Er tastete in seiner Tasche nach einer Zigarette und staunte, als er eine Handvoll tickender, goldener Uhren hervorzog, die an glänzenden Ketten baumelten. Unschlüssig starrte er sie an und begann, sie aufzuziehen. Dabei versuchte er nicht mal, eine von ihnen auf eine bestimmte Zeit einzustellen, denn es gab jetzt keine Zeit für ihn. Nachdem er sie vorsichtig aufgezogen hatte, bewegte sich sein Blick über die grün tapezierten Wände, und ein spöttisches Lächeln formte sich auf seinen Lippen. […] Er schätzte die Stimmung höchster Teufelei nicht länger, die in ihm beim Bekleben der Wände gesprudelt hatte. Aber da die Uhren nun einmal in seinem Besitz waren, musste er sie auf irgendeine Art beseitigen. Er hielt sie in Händen, hörte ihr schreckliches Ticken, und er hasste sie. Diese Uhren maßen die Zeit und setzten die Menschen durch die Wahrnehmung vergehender Stunden unter Druck, machten sie nervös, erzählten Geschichten vom Tod und krönten die Zeit zum König des Bewusstseins.
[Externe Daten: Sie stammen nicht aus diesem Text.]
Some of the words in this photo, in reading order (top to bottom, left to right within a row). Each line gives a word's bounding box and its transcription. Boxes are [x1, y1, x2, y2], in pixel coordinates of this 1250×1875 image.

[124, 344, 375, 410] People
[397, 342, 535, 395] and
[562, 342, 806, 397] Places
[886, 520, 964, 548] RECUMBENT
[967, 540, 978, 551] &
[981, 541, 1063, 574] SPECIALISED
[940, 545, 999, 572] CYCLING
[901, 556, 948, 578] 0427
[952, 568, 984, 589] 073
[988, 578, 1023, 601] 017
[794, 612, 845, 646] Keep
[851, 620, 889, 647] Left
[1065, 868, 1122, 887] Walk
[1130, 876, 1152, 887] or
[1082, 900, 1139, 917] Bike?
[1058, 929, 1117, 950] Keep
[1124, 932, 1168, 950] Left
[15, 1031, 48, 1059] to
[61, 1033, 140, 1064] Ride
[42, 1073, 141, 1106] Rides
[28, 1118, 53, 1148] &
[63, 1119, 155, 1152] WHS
Er wandte sich der Werkzeugkiste zu, nahm eine Handvoll Nägel und einen Hammer und trieb die Nägel in die tapezierten Wände. Er hängte die Uhren an ihnen auf, ließ sie an ihren glitzernden Ketten hin- und herschwingen, ließ sie geschäftig vor dem Hintergrund der grünen Geldscheine ticken, und der zitronenfarbene Schimmer des elektrischen Lichts verwandelte die metallenen Gehäuse in gelbe Scheiben, die zu flüssigen Klecksen wurden. Kaum hatte er die letzte Uhr aufgehängt, als sich der Gedanke, der ihn dazu verleitet hatte, weiter ausdehnte. Er holte mehr Nägel aus der Kiste, ging an den Wänden entlang und trieb sie durch das grüne Papier, nahm die Schachtel mit den goldenen Ringen, ging von Nagel zu Nagel und hängte sie an ihnen auf. Die weißen und blauen Diamanten funkelten mit einem stillen, spröden Lachen, als genössen sie ein köstliches Geheimnis. Der Raum bekam eine bizarre, gespenstische Note. Das gelbe Licht gab dem grünen Geld einen feurigen Schimmer, und vor seinem lodernden Hintergrund erwachten das Gold der Ringe und Uhren und das blau-weiße Lachen der Diamanten flammend zum Leben.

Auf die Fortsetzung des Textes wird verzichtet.